Wpis z mikrobloga

Ogólnie to ja lekarzem jestem...
I przychodzi do mnie ostatnio pacjent i mówi, że ma problem. Koleś student na 100%.Mówię, żeby powiedział o co chodzi, to on mi się zaczyna żalić, że w akademiku mieszka itd. I przechodzi do sedna, że się moczy.
Ja tak myślę i mówię, że jest pewnie jakiś powód tego- jakieś sny czy coś. A on taka mina skwaszona i mówię, że jak nie powie dokładnie to mu nie pomogę. On popatrzył na lewo na prawo czy nikogo nie ma i mówi:
"śni mi się, że idę ciemnym korytarzem i są ognie itd taki klimat straszny dochodzę do końca i wchodzę do ciemnej sali a tam Lucyfer. I Lucyfer krzyczy: Za swe złe czyny – oddaj mi szczyny!" I on budzi się wtedy w łóżku i jest total zmoczony.
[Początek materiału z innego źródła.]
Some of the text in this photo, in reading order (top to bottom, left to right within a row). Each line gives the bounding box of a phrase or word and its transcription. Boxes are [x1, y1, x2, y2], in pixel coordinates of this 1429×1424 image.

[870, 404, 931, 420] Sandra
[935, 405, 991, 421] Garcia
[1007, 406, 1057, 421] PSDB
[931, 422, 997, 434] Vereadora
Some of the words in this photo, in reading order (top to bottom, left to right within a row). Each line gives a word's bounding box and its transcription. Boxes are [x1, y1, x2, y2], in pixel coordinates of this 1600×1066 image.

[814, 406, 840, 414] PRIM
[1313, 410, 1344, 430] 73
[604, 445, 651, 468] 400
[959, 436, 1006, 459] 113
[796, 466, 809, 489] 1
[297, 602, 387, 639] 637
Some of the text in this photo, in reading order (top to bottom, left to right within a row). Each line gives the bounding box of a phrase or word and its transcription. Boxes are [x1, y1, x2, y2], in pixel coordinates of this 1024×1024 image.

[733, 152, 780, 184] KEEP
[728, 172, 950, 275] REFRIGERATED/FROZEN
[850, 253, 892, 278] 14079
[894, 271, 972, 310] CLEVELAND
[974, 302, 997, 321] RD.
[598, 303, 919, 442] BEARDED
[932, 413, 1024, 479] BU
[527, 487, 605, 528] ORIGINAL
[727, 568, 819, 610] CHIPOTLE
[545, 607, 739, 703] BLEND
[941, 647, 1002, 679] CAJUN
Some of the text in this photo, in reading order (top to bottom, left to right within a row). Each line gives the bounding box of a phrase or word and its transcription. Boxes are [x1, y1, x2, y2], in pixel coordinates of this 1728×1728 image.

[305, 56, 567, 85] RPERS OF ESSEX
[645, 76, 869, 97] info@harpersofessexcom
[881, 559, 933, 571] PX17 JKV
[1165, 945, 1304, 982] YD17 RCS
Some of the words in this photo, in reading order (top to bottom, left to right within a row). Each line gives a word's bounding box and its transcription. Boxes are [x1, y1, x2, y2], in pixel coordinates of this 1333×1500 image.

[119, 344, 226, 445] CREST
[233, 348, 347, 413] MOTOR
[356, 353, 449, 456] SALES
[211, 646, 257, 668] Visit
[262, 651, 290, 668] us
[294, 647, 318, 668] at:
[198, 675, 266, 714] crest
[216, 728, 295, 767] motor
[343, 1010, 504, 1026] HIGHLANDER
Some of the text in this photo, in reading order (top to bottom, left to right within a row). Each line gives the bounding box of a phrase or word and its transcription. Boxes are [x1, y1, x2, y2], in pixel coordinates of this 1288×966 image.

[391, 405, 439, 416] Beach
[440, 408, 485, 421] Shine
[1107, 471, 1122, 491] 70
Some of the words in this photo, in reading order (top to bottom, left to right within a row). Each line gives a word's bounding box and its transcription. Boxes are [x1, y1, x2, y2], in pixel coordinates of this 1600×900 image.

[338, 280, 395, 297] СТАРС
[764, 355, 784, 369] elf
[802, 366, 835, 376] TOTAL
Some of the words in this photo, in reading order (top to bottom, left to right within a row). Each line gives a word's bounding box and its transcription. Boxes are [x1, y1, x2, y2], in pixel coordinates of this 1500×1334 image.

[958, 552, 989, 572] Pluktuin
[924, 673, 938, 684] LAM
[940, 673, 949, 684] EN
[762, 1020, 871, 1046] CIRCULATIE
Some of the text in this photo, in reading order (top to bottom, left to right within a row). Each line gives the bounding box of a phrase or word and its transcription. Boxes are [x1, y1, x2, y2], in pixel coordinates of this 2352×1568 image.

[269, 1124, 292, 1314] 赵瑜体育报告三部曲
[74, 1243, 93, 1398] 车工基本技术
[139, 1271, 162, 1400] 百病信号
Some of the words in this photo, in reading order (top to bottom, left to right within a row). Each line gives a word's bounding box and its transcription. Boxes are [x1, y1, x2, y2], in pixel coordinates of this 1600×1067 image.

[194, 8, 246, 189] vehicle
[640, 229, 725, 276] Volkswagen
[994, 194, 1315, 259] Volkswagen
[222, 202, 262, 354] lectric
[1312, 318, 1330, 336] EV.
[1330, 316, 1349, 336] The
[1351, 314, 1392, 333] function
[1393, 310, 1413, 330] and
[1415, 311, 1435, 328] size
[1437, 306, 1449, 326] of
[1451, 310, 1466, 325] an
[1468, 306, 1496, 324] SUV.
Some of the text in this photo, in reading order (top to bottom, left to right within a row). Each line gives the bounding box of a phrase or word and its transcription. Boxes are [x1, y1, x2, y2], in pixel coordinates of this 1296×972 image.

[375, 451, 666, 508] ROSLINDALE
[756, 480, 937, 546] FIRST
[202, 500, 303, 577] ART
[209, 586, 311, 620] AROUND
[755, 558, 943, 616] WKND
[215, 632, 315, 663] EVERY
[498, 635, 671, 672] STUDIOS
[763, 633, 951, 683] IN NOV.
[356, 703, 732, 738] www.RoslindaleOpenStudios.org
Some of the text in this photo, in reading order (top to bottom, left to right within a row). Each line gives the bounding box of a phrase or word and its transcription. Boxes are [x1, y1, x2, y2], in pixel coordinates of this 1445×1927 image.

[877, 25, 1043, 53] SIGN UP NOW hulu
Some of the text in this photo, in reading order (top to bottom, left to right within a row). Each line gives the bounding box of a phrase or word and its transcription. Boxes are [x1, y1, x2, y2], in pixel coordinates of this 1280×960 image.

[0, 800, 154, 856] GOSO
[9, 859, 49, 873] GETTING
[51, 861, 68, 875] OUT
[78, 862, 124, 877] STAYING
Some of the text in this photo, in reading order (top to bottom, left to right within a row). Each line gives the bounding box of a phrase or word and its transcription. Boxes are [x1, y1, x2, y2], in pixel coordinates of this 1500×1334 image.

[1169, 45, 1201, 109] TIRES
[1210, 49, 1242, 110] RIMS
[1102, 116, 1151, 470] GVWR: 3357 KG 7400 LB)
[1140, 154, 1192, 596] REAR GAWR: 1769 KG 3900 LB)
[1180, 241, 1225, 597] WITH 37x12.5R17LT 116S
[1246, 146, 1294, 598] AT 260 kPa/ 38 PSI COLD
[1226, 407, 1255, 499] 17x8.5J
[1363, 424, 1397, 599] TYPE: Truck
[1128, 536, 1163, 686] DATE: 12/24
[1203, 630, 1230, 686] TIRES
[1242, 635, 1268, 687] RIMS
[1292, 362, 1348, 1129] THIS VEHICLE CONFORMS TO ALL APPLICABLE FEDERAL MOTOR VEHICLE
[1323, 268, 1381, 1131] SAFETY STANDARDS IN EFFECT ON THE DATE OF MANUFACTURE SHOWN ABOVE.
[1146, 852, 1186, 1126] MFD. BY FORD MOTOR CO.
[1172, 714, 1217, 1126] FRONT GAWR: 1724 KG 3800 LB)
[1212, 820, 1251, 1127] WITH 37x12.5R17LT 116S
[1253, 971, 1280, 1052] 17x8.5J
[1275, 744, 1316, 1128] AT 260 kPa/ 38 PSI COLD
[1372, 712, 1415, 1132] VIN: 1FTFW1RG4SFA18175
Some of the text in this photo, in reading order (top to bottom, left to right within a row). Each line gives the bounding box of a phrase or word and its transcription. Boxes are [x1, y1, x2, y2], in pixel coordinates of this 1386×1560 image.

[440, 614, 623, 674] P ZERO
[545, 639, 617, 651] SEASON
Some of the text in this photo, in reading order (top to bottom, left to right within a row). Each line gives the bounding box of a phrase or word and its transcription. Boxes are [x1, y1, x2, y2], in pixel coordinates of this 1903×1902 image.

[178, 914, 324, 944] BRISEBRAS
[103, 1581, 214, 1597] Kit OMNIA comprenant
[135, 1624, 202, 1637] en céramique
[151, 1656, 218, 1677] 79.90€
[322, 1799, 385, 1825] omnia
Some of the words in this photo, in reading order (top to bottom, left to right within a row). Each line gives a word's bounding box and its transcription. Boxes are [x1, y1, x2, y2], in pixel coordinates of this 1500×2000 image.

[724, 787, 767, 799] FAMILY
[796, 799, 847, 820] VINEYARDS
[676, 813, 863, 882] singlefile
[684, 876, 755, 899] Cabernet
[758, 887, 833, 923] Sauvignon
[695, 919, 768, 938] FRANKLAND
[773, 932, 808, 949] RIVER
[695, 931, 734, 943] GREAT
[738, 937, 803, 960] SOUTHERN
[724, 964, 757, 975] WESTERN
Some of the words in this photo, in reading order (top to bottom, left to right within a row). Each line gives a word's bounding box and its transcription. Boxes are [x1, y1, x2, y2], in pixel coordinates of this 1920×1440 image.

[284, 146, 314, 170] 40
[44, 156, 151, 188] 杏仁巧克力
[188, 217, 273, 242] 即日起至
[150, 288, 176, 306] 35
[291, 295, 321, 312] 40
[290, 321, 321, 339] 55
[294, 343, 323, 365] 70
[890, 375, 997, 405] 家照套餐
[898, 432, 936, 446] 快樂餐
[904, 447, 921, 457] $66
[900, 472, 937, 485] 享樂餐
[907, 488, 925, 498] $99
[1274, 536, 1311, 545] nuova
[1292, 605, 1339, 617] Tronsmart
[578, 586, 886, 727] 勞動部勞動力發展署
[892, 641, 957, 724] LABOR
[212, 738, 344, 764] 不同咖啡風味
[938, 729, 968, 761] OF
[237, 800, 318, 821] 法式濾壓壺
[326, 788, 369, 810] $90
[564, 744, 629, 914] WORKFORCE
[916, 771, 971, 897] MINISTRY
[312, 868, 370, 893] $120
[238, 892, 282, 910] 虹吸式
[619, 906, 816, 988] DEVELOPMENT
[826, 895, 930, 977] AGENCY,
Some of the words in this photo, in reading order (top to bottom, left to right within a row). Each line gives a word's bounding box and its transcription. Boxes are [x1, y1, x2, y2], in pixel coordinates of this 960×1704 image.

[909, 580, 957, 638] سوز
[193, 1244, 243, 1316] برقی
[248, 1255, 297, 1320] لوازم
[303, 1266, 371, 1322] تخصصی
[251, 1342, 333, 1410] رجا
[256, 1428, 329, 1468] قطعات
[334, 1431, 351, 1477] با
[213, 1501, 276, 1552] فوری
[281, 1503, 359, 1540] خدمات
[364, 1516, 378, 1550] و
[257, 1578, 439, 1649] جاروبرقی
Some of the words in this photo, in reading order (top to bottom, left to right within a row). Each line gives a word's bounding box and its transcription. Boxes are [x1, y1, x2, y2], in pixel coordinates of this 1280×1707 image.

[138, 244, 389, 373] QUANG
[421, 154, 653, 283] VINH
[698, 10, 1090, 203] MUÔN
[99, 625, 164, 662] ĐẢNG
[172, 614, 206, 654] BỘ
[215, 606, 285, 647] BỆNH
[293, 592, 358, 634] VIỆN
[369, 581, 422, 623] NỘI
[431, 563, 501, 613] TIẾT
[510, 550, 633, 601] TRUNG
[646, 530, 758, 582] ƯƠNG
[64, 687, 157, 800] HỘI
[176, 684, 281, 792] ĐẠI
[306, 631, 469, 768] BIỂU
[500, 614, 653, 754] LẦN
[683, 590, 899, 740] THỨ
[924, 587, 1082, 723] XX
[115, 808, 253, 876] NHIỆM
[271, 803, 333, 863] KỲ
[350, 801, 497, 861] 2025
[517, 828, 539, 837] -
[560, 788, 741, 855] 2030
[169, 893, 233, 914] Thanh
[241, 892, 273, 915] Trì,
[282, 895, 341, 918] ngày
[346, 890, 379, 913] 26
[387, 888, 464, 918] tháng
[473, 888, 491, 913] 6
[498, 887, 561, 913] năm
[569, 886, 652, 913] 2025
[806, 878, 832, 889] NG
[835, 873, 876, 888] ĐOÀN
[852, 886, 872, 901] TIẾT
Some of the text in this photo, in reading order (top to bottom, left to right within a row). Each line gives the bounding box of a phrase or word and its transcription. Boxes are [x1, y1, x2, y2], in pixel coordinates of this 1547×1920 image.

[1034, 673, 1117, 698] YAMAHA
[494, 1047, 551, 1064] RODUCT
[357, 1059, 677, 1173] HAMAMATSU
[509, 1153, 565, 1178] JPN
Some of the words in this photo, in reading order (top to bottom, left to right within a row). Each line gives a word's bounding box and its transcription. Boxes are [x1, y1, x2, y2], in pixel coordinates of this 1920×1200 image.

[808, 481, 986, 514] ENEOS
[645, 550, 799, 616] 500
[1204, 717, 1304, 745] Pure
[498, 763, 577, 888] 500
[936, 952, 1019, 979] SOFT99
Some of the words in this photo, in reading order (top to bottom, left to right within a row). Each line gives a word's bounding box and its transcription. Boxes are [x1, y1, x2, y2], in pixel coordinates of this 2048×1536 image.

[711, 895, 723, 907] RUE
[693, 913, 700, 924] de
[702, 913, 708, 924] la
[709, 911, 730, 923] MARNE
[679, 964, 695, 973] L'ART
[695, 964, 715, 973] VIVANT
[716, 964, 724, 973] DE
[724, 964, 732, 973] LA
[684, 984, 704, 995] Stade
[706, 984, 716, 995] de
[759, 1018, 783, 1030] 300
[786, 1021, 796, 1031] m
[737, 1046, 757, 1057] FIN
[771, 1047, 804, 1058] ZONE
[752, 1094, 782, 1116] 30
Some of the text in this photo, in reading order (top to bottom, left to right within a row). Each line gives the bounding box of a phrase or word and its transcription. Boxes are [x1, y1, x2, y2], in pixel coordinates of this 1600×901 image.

Niestety – nie wytrzymałem ...

#suchar #pasta
  • 8
  • Odpowiedz
@dlu: jesli to prawda to ciekawi mnie co to za lekarz, ktorego nie obowiazuje tajemnica lekarska i sobie smieszkuje na jakims forum ze smiesznymi obrazkami
  • Odpowiedz
  • 3
@vydyah: lekarz może mówić o przypadkach z jakimi się spotyka jeśli nie podaje personaliów. Śmieszkowanie jest lekko nieetyczne ale nie zabronione.